Радостные желания очень легко отделить от желаний механических – настолько легко, что стоит любому человеку прочесть главу про радостные желания в моей книге «Селекция привлекательных состояний», как он уже никогда не забудет этого, даже если будет по привычке плеваться и осуждать «капризных сибаритов». Радостные желания сопровождаются предвкушением, энтузиазмом. Механические желания, вызванные к жизни «долгом», «моралью», «нравственностью» и т.д., тяжелые и раздавливающие. Сравни желание поиграться в любимую игрушку или посмотреть футбол и желание сходить на день рождения к бабушке! Первое желание радостное – тебе до чертиков, до визга хочется этого. Второе желание – мертвое, раздавливающее, отравляющее. Ты говоришь сам себе: «нельзя обижать бабушку, она будет страдать, если я не пойду и не навещу ее, надо блин, ладно, схожу…». И, следуя этому желанию, ты идешь к ебаной бабушке и прямо чувствуешь, как умираешь. И это вместо того, чтобы сказать ей – «слушай, у меня своя жизнь, а у тебя своя. Если тебе скучно – хватит сидеть и разлагаться – вот тебе список действий, которые ты можешь совершить, чтобы найти и развивать какие-то свои интересы – делай это, не сиди сиднем, делай! Читай книги, учи науки, языки, займись выпиливанием лобзиком, начни ходить кроссы и ставить рекорды, сходи, наконец, в трек к Аннапурне, куда ходят десятки тысяч (!!) европейских стариков и старушек, рисуй, пиши, обучай малолеток грамоте – ДЕЛАЙ что-нибудь». Вот это было бы настоящим содействием, настоящей помощью. А когда ты, убивая самого себя, из чувства долга тащишься к отупевшей бабуле и высиживаешь положенное и уходишь, отравленный и раздавленный, навстречу очередному «надо», то ты и себя убиваешь, и других.

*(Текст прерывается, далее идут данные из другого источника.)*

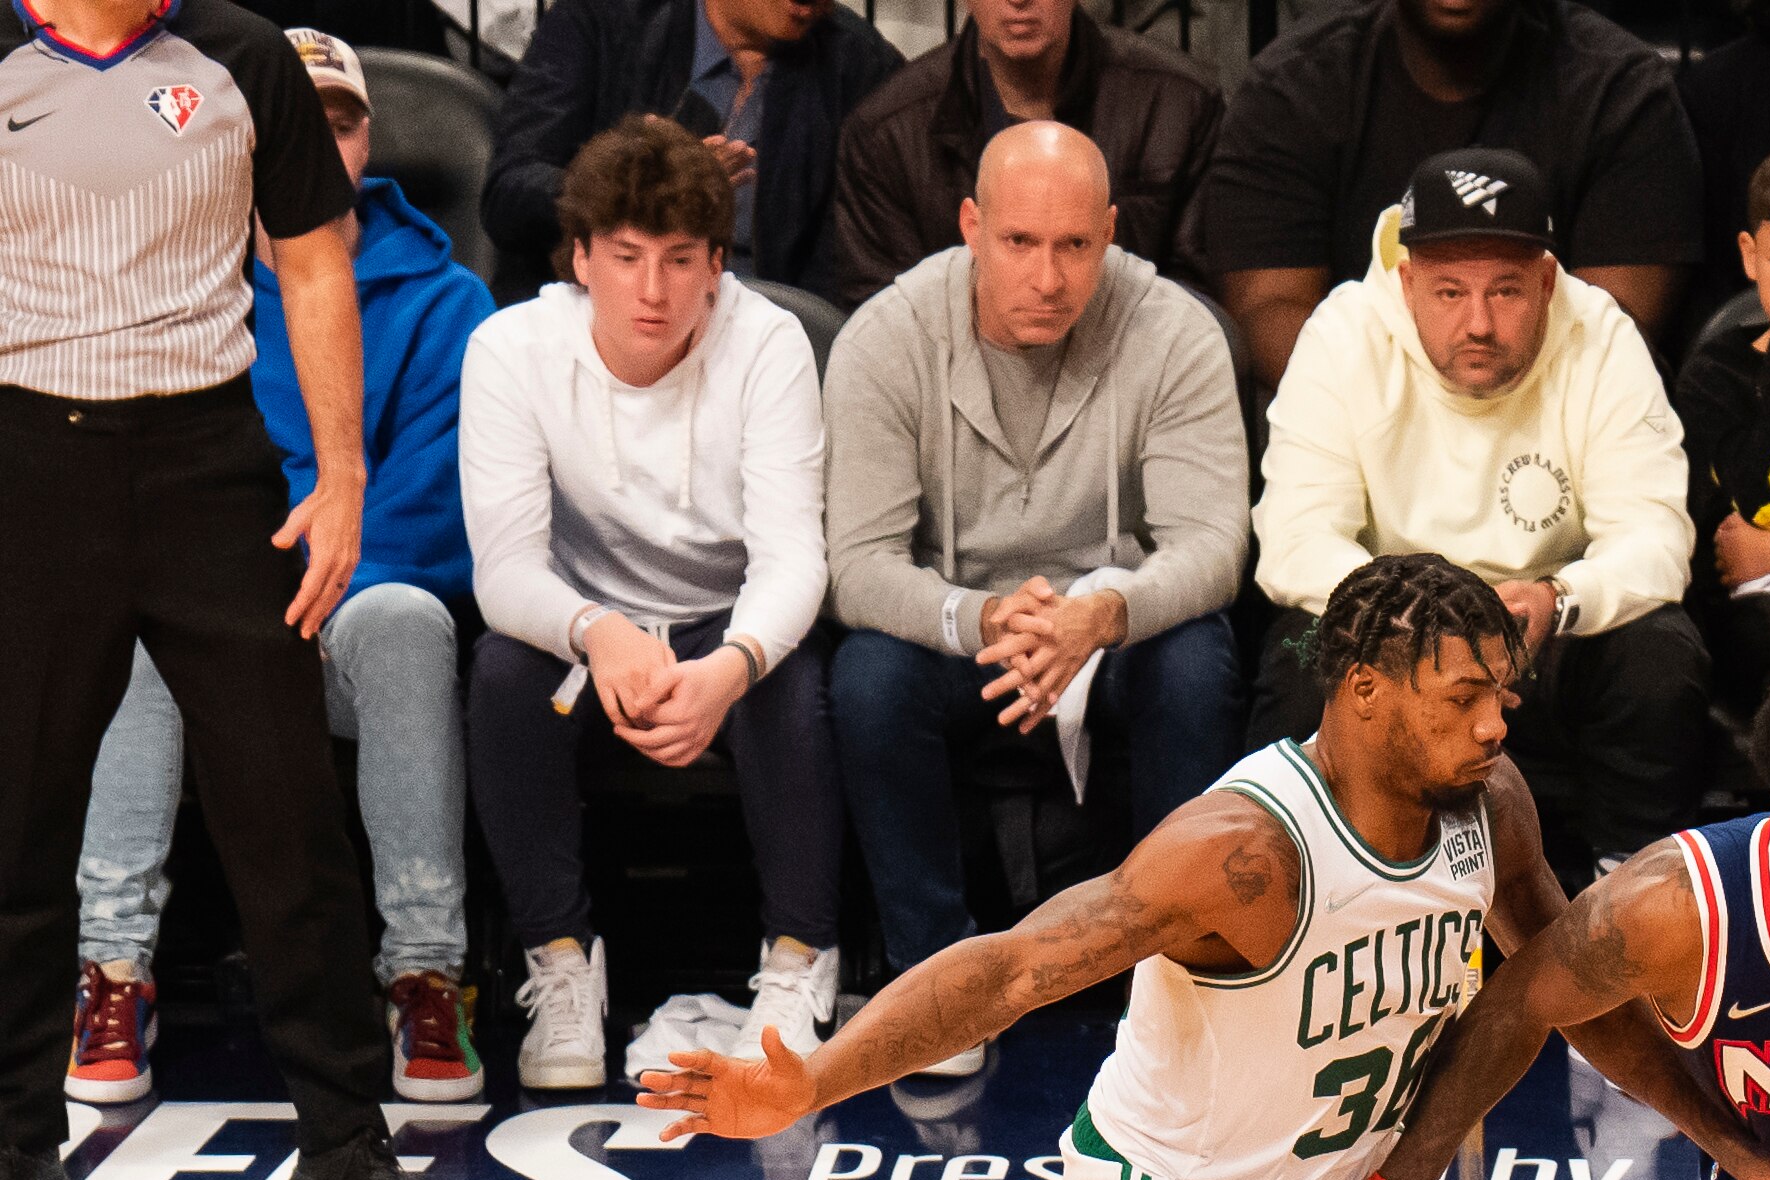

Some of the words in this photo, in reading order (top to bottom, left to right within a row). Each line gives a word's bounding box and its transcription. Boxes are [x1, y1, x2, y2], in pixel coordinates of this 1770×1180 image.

Когда-нибудь люди неизбежно должны это понять и принять – неизбежно, если не в силу здравого смысла и стремления к счастью, то по крайней мере в силу давления экономики и связанного с этим культом здорового и приятного образа жизни. И тогда раздел «культивирование радостных желаний» станет зачитанным до битых кластеров, а вслед за ним – и остальные разделы книг об озаренных восприятиях.